DG: I have written restaurant reviews—I did that for the first several years that I was working at The New Yorker—and that was incredibly fun to do. But I like to do the kind of reporting that I do in the book, where I can actually make a narrative around something more than my experience for one day or one night in a restaurant. I find that, with this patchwork reporting style—there’s some historical research, a lot of on-the-ground reporting, and the eating a restaurant critic would do—I’m able to do more than I could if I were just writing a restaurant review. This [reporting style] allows me to do more and explore things that are not just strictly culinary. 

LAC: Which city do you feel like you haven’t spent sufficient time in? Where would you like to go back and eat your way through more thoroughly?

DG: I wanted to spend more time in Portland and Chicago. I’ve eaten well in both of those cities, but I know there’s a lot more going on there than I’ve been able to experience. Washington, D.C. is a really interesting city, and I would like to spend more time eating there. 

LAC: If somebody asks you, “What is your favorite food?,” what is your response?

DG: I’m obsessed right now with the bread at Tartine in San Francisco. I’ve been in San Francisco a couple of times recently, and I’ve been sure to bring home a loaf or two in my carry on. 

LAC: Finally, what was the best gem you discovered about L.A.? A restaurant perhaps, or a great neighborhood that you hadn’t been exposed to before?

DG: This is not a hidden entity, but I want to focus on it because I think it represents something really great for the city of L.A. There’s a shop on Fairfax Avenue in West Hollywood called Lindy & Grundy.
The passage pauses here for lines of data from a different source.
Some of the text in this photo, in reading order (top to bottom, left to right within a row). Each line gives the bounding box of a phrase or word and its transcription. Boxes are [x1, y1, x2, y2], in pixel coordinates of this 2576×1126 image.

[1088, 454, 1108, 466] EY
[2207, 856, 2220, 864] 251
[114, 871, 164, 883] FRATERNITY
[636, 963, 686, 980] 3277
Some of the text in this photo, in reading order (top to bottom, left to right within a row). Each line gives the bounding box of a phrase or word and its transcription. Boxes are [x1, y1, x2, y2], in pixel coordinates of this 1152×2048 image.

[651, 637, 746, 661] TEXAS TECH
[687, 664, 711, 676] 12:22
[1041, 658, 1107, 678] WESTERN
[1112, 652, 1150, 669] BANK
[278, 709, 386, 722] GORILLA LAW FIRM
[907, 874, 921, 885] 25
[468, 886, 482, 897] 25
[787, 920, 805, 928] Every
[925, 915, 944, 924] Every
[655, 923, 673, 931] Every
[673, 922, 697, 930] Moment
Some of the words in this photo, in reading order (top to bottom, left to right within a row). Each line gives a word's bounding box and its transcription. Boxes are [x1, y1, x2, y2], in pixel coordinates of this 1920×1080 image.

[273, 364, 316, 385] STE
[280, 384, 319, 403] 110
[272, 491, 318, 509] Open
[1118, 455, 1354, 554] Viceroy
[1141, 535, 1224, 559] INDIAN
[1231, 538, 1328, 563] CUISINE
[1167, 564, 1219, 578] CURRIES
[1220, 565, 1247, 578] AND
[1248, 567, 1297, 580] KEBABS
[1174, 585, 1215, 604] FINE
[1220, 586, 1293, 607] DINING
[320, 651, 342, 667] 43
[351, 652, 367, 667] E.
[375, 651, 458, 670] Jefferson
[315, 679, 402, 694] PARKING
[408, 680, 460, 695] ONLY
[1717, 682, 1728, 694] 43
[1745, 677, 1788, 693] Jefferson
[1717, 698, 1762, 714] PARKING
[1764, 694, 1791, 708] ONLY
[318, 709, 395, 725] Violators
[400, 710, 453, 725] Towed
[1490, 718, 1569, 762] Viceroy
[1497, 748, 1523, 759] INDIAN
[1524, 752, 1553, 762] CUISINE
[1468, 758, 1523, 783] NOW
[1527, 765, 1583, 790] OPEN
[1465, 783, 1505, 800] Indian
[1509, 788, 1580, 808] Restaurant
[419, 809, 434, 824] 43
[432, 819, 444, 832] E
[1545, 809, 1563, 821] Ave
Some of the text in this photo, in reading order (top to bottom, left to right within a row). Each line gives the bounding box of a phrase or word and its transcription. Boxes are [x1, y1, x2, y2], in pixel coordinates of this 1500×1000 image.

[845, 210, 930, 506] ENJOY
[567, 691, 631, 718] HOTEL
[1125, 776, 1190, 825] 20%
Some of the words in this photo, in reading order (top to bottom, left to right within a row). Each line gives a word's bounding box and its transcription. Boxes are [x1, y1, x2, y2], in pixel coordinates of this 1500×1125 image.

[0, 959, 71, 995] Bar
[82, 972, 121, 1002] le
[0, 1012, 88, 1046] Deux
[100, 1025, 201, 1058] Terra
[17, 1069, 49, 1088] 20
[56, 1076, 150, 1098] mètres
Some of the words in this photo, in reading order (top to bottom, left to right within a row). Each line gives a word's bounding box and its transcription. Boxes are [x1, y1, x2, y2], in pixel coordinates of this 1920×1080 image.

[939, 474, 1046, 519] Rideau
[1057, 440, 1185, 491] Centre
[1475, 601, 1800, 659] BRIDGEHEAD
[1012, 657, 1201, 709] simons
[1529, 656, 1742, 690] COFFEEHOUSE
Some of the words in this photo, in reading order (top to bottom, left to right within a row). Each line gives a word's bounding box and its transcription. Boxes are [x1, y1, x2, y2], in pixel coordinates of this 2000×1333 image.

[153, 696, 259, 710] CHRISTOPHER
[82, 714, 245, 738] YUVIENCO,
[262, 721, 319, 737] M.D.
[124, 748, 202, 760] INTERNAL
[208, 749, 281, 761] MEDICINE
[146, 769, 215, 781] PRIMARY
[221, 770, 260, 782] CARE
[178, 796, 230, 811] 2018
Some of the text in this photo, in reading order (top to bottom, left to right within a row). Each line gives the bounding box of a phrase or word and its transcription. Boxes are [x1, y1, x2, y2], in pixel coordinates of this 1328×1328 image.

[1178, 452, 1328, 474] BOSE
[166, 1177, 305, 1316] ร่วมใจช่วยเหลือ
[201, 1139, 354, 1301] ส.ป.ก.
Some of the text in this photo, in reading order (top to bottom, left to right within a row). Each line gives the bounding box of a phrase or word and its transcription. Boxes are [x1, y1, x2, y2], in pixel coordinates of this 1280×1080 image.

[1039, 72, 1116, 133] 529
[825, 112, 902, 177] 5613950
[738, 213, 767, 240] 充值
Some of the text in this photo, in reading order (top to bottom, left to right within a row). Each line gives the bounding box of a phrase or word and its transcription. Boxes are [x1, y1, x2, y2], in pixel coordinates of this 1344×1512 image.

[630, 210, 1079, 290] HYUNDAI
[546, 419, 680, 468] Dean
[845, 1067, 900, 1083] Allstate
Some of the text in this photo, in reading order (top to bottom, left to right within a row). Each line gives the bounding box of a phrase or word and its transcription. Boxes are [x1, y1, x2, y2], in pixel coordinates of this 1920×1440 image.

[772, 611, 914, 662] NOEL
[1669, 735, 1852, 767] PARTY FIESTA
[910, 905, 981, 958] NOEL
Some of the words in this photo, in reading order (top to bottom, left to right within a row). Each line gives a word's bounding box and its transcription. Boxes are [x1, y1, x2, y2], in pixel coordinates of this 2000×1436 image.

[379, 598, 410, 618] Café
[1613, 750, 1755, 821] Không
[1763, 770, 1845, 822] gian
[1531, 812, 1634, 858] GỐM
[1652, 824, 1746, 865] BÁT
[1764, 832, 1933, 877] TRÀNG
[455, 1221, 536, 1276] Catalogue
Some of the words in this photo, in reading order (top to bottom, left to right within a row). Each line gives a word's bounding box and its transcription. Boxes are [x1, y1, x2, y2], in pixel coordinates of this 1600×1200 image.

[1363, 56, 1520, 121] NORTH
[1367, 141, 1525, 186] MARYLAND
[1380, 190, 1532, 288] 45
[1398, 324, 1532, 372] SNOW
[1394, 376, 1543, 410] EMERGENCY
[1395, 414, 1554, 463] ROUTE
It’s a butcher shop run by a couple—one of whom was a vegetarian and the other was interested in learning more about meat and became a butcher—and all the meat there is sourced responsibly and it’s very high quality meat. It’s such a homey place and they’re — Erika and Amelia — in there every day and they share their family recipes and they have beautiful cookbooks … it has become a real community hub. That’s what’s beginning to happen in L.A.—these places or islands of food culture are emerging, and Lindy & Grundy really represent that. When Andrew Zimmern is in town, he calls the shop for the chicken feet he needs to serve his dinner, people who are into the paleo diet go there; it really brings people from across the foodie spectrum together. It’s really like a campfire in the woods.